While this may appear to be an altruistic action, as with most endeavours, no matter how worthy our motivations, our desire to leave a legacy is partly driven by selfish intentions. After all, faced with oblivion the idea of leaving something behind which will “live forever” has an appeal, even if the image of who we are to those future generations barely resembles anything of who we really were.
Ralph Waldo Emerson once wrote, “Every great institution is the length and breadth of a shadow of one [person]” and while that’s true to a point, are not all societies the result of multitudes of interlaced legacies? Not only that, but when it comes to legacy we will not just leave one, but many. Firstly, there’ll be those we’re directly connected with, such as people’s memories of us, and all the things we were involved in creating or destroying, but there’ll also be those that go unseen, which had we not existed, they wouldn’t either.
While many believe our legacy is something we can deliberately set out to create and have a large degree of control over, the truth is somewhat different, because everything we do is part of our legacy, including many unintended consequences, both good and bad.
When the German soldier leant down to help, rather than kill, my grandfather on the battlefield, he had no idea his actions would directly result in you reading these words now, nor was he motivated by the idea of leaving a legacy, instead his feelings of empathy most likely directed him, and although, obviously, I don’t know what was going on in his head then, over 100 years later, I am grateful, beyond measure, for his kindness.

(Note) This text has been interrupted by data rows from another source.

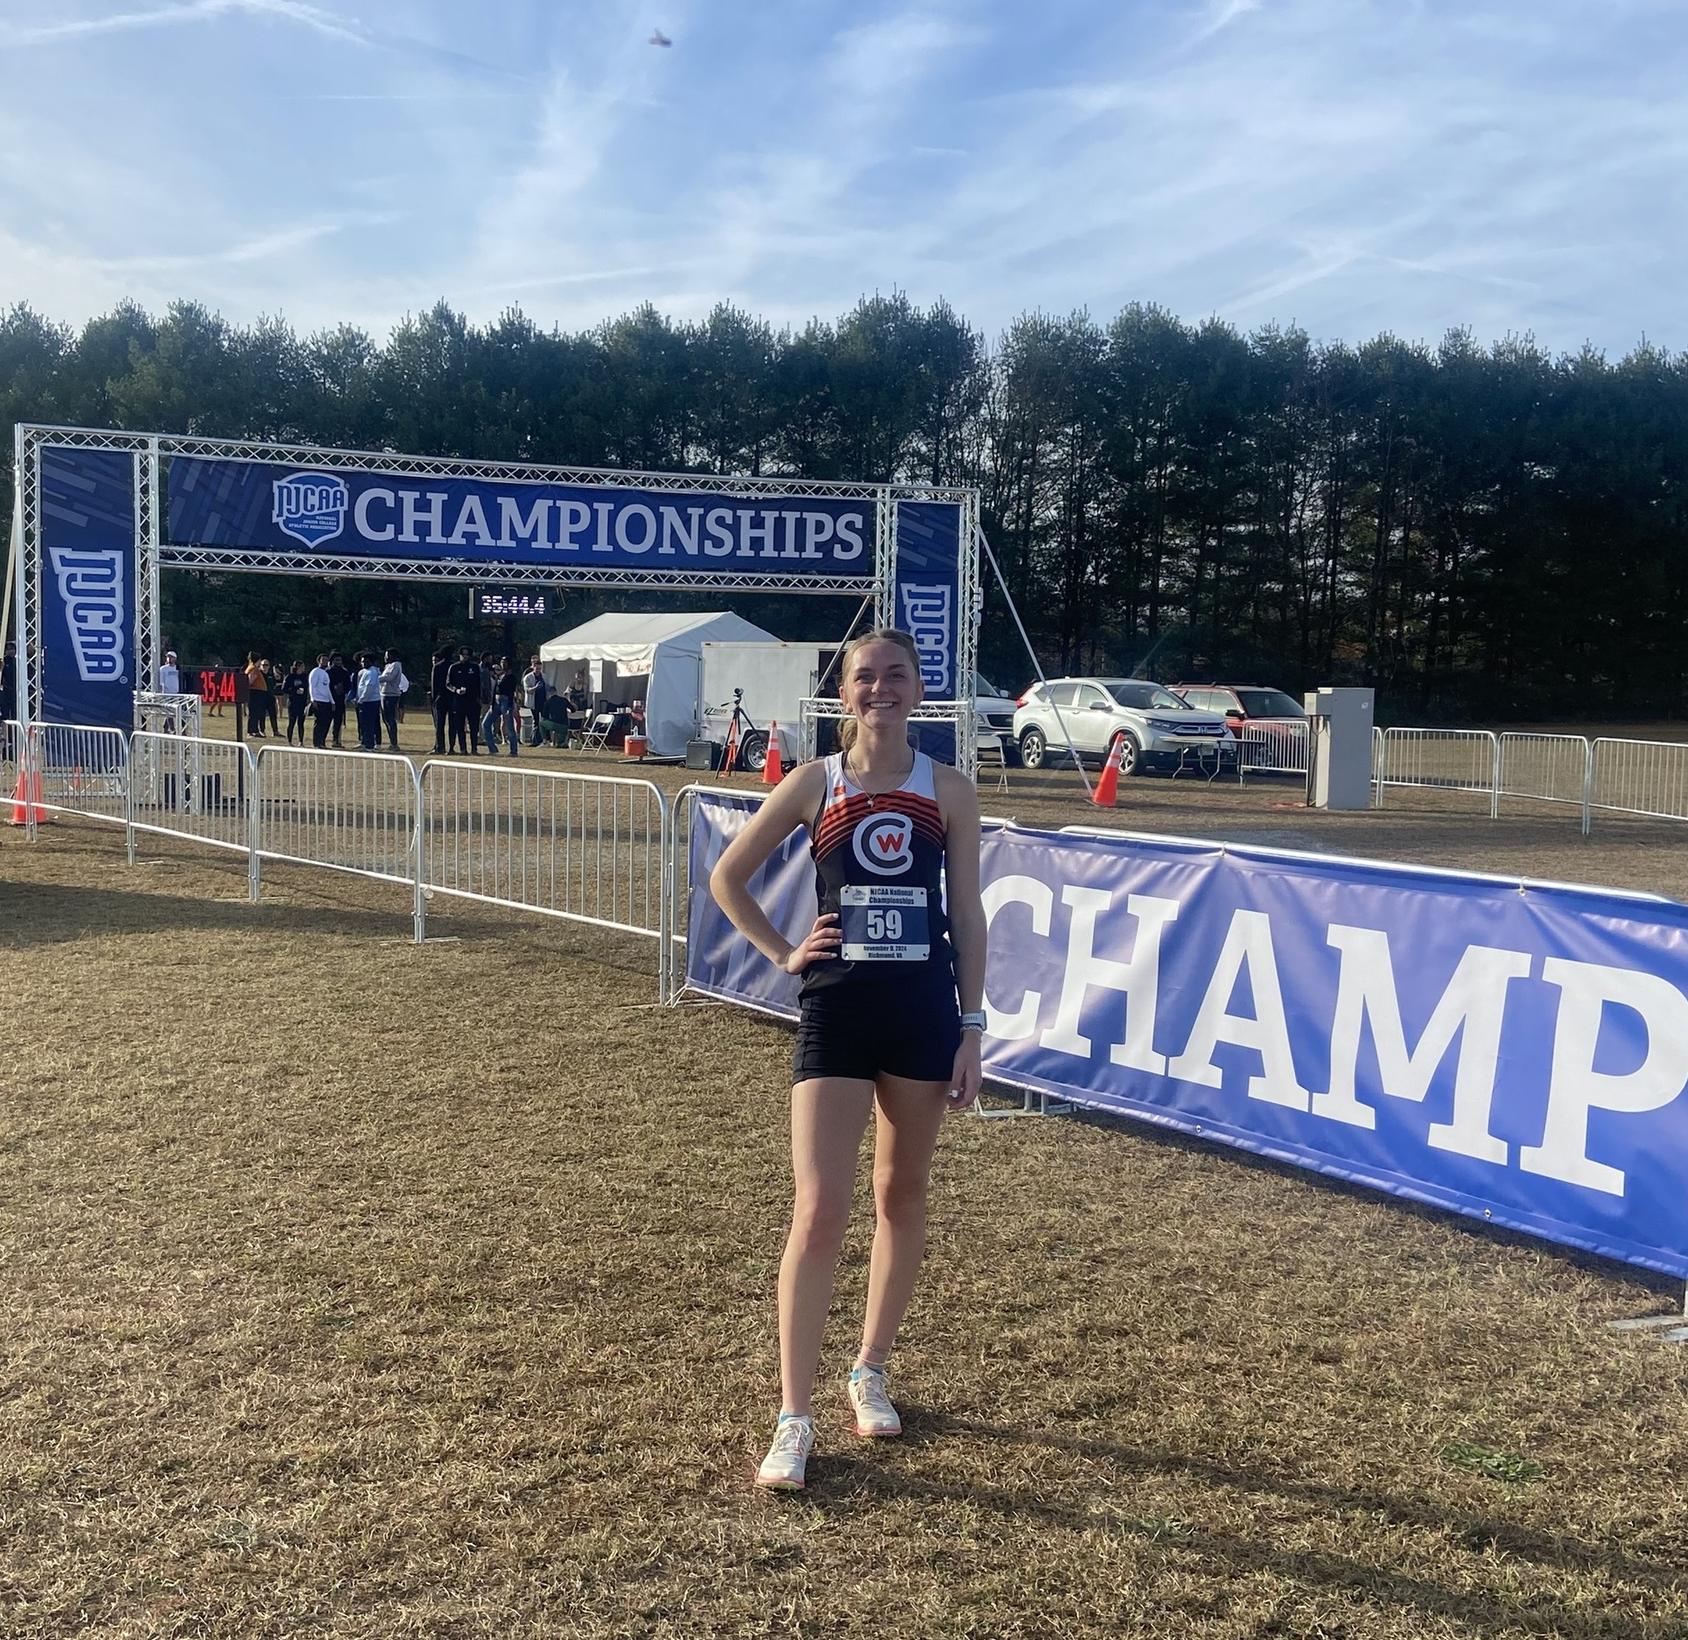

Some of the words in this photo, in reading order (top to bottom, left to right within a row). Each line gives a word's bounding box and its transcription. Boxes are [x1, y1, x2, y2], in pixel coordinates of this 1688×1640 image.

[274, 482, 346, 519] NJCAA
[355, 488, 863, 560] CHAMPIONSHIPS
[53, 550, 121, 678] NJCAA
[481, 596, 545, 614] 35:44.4
[903, 586, 947, 689] NJCAA
[199, 671, 236, 703] 35:44
[869, 896, 914, 904] Championships
[890, 889, 913, 897] National
[867, 909, 903, 940] 59
[980, 874, 1688, 1196] CHAMP

Still, there will always be some who wish their name to be in lights for eternity, but even they may have to get in line as no matter how much good one does, when it comes to being remembered hundreds or even thousands of years after our death, there’s only so much room at the top. In this year’s Legacy League Tutankhamun, Confucius, Buddha, Cleopatra, Abraham, Jesus, Mohammed, Genghis Khan, Napoleon, and Churchill, are still holding on to their top 10 slots and don’t look too ready to be sliding down the chart any time soon. Of course, there are thousands of others that are still well remembered, but, even so, millions more whose impact was probably just as great, are now almost forgotten beyond a few obscure books or rarely visited web pages.

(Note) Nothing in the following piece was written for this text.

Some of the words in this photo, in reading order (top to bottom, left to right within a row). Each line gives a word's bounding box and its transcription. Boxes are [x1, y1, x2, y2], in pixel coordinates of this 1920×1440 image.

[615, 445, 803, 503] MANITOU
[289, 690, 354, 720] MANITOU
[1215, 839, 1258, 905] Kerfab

Just as with beauty, when it comes to being remembered, who’s deserving of the crown is all in the eye of the beholder. We memorialise people because it suits us and fits in with our worldview to do so. For instance, you’ve probably never heard of Victoria Woodhull, and the reason why might become clear the more you hear about her. She was born in a frontier town in Ohio in 1838 and grew up in abject poverty and an abusive environment. At 15 she was forced to marry an alcoholic womaniser with whom she had two children, one of which had a learning disability. Her husband was also abusive and unfaithful and fortunately, she eventually managed to get divorced from him. It was then she began to formulate ideas regarding women’s rights, particularly around sexual issues. In 1871 she gave a speech in Steinway Hall, New York City in which she put forward views way beyond her time:
“To woman, by nature, belongs the right of sexual determination. When the instinct is aroused in her, then and then only should commerce follow. When woman rises from sexual slavery to sexual freedom, into the ownership and control of her sexual organs, and man is obliged to respect this freedom, then will this instinct become pure and holy; then will woman be raised from the iniquity and morbidness in which she now wallows for existence, and the intensity and glory of her creative functions be increased a hundred-fold…”
Around the same time, Woodhull became the first female stockbroker, which resulted in her making a fortune much of which she then used to found her own national newspaper which advocated for women’s suffrage, sex education, licensed prostitution, birth control, short skirts, and vegetarianism. On top of all that, in 1872, when women were still not allowed to vote she became the first woman to run for the President of the United States. However, on the day of the Election, she was imprisoned for a month, for publishing an obscene newspaper. If we don’t know much of her currently, it’s probably because some of her contemporaries didn’t want her to be memorialised, but in the world we live in today, she’ll probably be rising up those charts soon enough.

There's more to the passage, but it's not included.